To determine the position using satellite navigation, the navigation equation of [Equation 1] is used. The satellite position-related information included in the navigation data is analyzed to determine the position vector of the satellite, and the position equation is calculated by constructing the observation equation for the measured satellites.

[Equation 1]

Error components included in satellite navigation measurements include errors in satellite orbit and time estimates, errors in the ionosphere and convective layers, and multipath and receiver noise errors.
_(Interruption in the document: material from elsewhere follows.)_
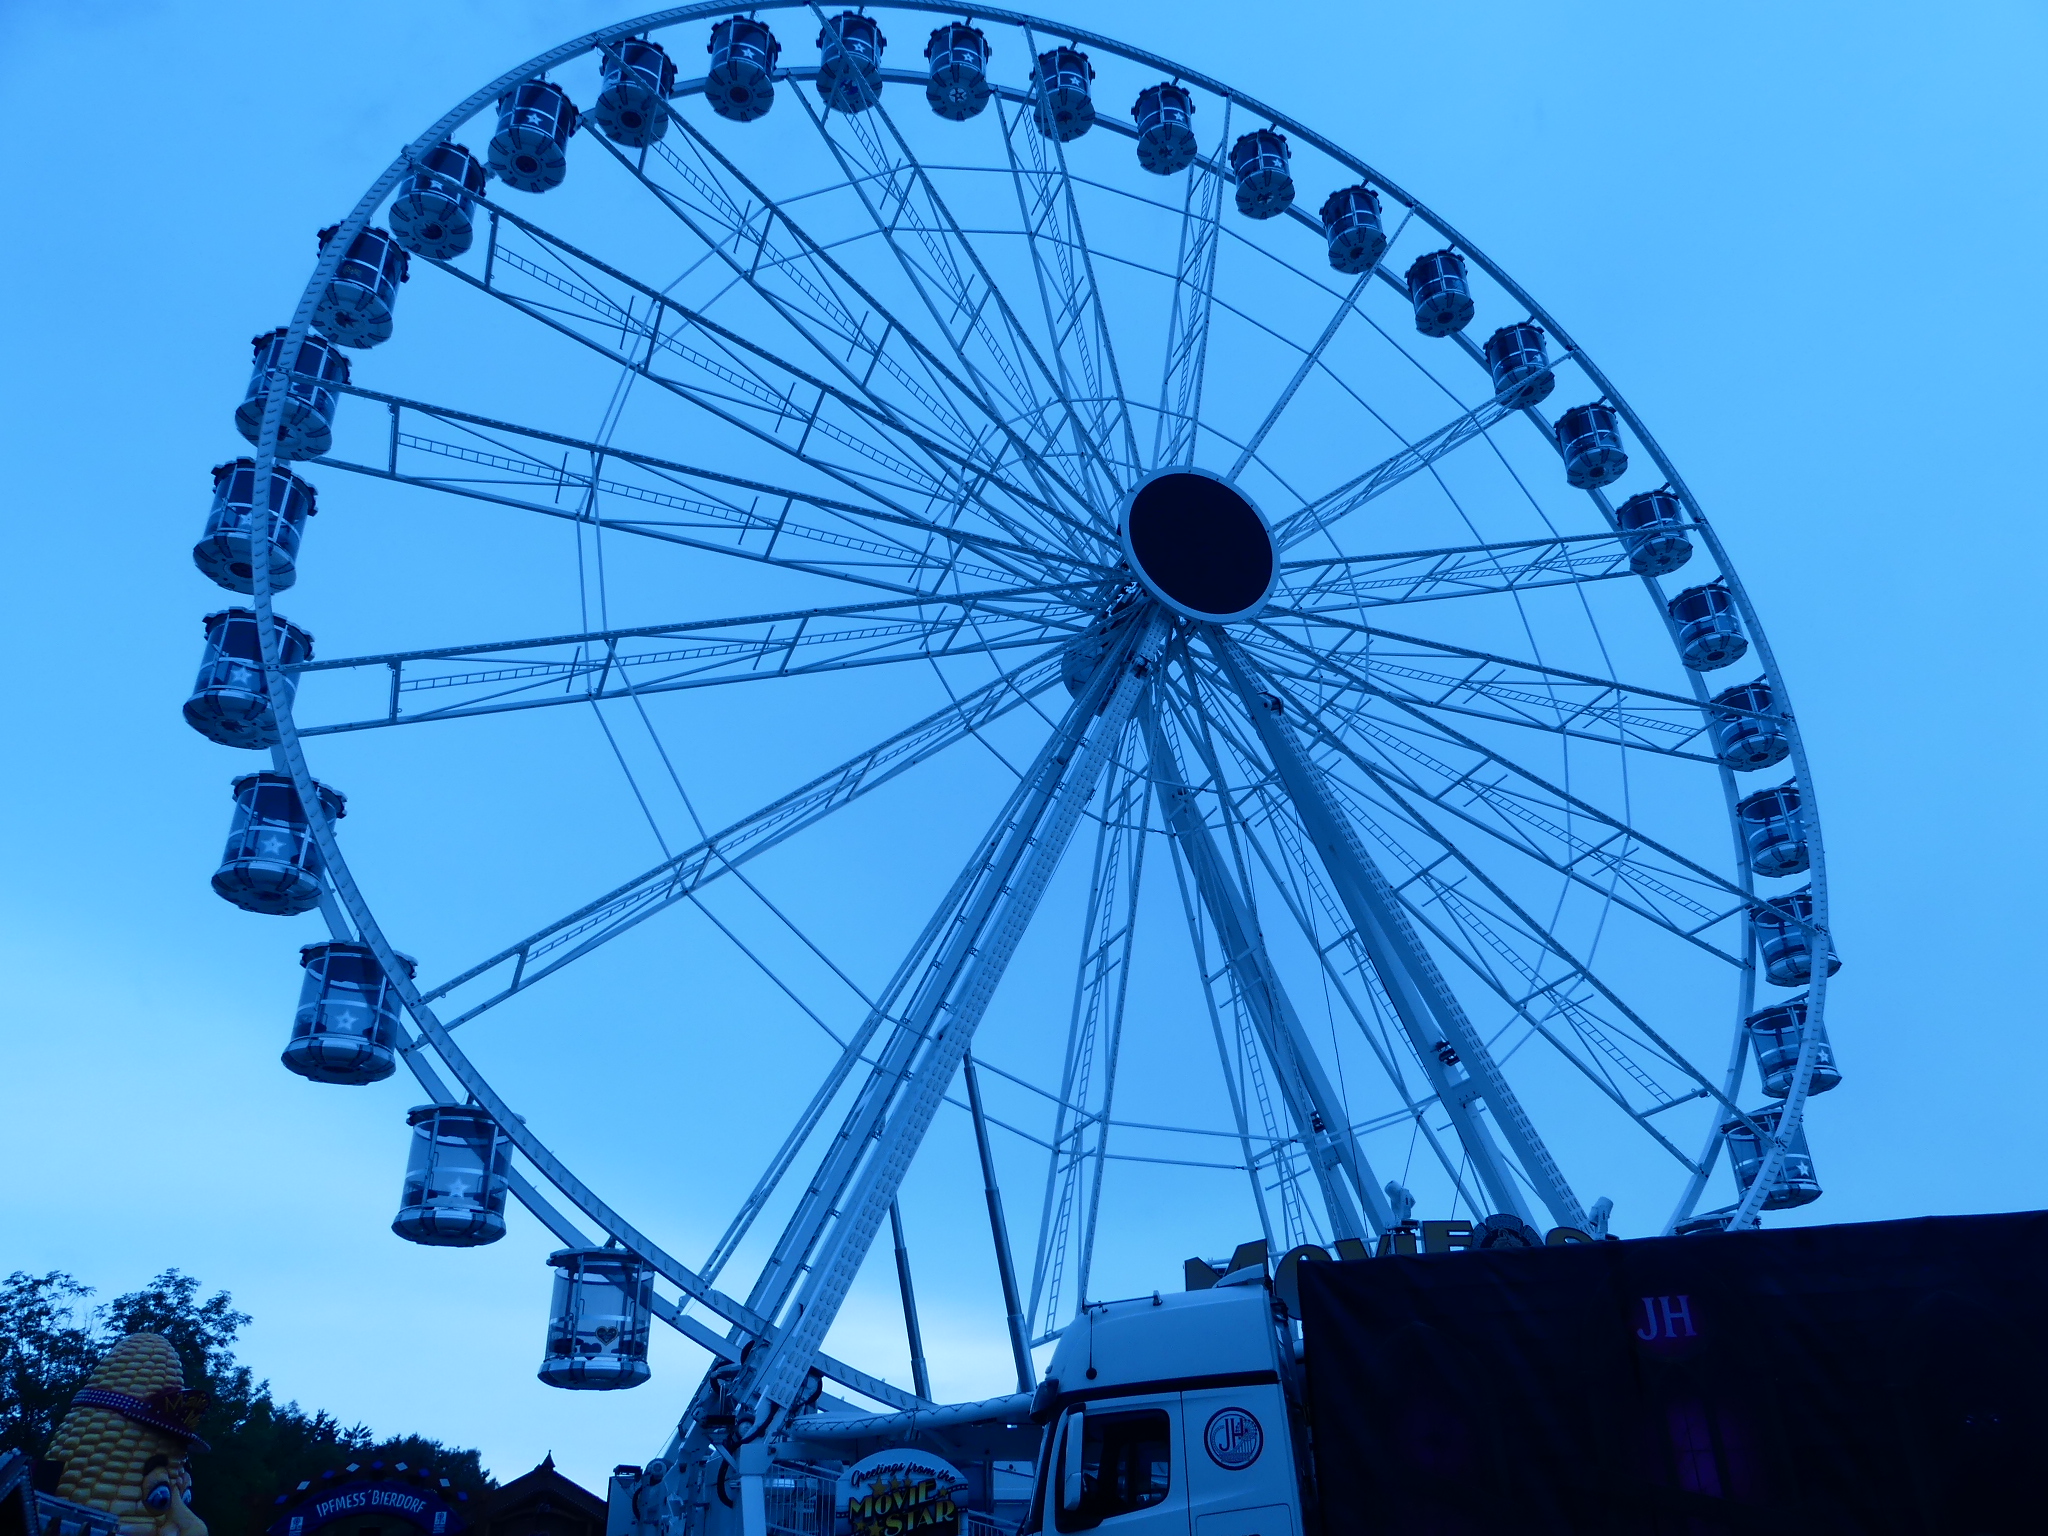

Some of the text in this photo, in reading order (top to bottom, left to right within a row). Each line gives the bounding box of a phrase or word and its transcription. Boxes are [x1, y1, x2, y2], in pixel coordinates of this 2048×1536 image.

Among these, multipath and receiver noise errors are determined by the characteristics and environment of the receiver, but the remaining error components are called common errors because their effects are similar within a short range within the same time zone.

The satellite navigation reinforcement system (DGNSS / DGPS, Differential GNSS / GPS) uses the characteristic that the common error between the points within the same time is close to the common point. It is a technique to improve the application and accuracy to 1 ~ 3m level. In general, a method for improving the accuracy of the satellite navigation system includes a measurement area satellite navigation reinforcement method (FIG. 1) and a range area reinforcement method called block shift technique (Range Correction) applying distance correction information for each measurement value of a visible satellite. 3) are divided into two.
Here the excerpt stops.